■ **WHAT YOU SHOULD DO**
All of the data below is to be output exactly as written.

■ **MATERIAL SHOWN**
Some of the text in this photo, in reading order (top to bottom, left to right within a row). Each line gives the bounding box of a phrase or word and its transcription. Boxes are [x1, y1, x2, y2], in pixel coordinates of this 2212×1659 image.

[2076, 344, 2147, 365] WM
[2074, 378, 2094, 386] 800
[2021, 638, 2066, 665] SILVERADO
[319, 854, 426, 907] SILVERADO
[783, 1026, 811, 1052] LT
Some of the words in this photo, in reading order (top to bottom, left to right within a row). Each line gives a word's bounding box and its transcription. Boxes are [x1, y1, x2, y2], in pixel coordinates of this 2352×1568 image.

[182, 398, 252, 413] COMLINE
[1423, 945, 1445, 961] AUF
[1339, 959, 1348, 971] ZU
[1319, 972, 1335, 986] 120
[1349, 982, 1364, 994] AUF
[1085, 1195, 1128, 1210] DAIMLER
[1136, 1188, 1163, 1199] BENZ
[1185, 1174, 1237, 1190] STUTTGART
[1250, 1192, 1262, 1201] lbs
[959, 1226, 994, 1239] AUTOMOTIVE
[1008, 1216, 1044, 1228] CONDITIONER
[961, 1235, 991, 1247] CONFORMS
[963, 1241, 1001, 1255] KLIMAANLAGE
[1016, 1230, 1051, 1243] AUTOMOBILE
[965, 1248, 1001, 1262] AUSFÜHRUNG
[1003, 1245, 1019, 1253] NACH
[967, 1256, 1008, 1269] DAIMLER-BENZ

■ **SOLUTION FOR THIS PROBLEM**
Some of the text in this photo, in reading order (top to bottom, left to right within a row). Each line gives the bounding box of a phrase or word and its transcription. Boxes are [x1, y1, x2, y2], in pixel coordinates of this 2212×1659 image.

[2076, 344, 2147, 365] WM
[2074, 378, 2094, 386] 800
[2021, 638, 2066, 665] SILVERADO
[319, 854, 426, 907] SILVERADO
[783, 1026, 811, 1052] LT
Some of the words in this photo, in reading order (top to bottom, left to right within a row). Each line gives a word's bounding box and its transcription. Boxes are [x1, y1, x2, y2], in pixel coordinates of this 2352×1568 image.

[182, 398, 252, 413] COMLINE
[1423, 945, 1445, 961] AUF
[1339, 959, 1348, 971] ZU
[1319, 972, 1335, 986] 120
[1349, 982, 1364, 994] AUF
[1085, 1195, 1128, 1210] DAIMLER
[1136, 1188, 1163, 1199] BENZ
[1185, 1174, 1237, 1190] STUTTGART
[1250, 1192, 1262, 1201] lbs
[959, 1226, 994, 1239] AUTOMOTIVE
[1008, 1216, 1044, 1228] CONDITIONER
[961, 1235, 991, 1247] CONFORMS
[963, 1241, 1001, 1255] KLIMAANLAGE
[1016, 1230, 1051, 1243] AUTOMOBILE
[965, 1248, 1001, 1262] AUSFÜHRUNG
[1003, 1245, 1019, 1253] NACH
[967, 1256, 1008, 1269] DAIMLER-BENZ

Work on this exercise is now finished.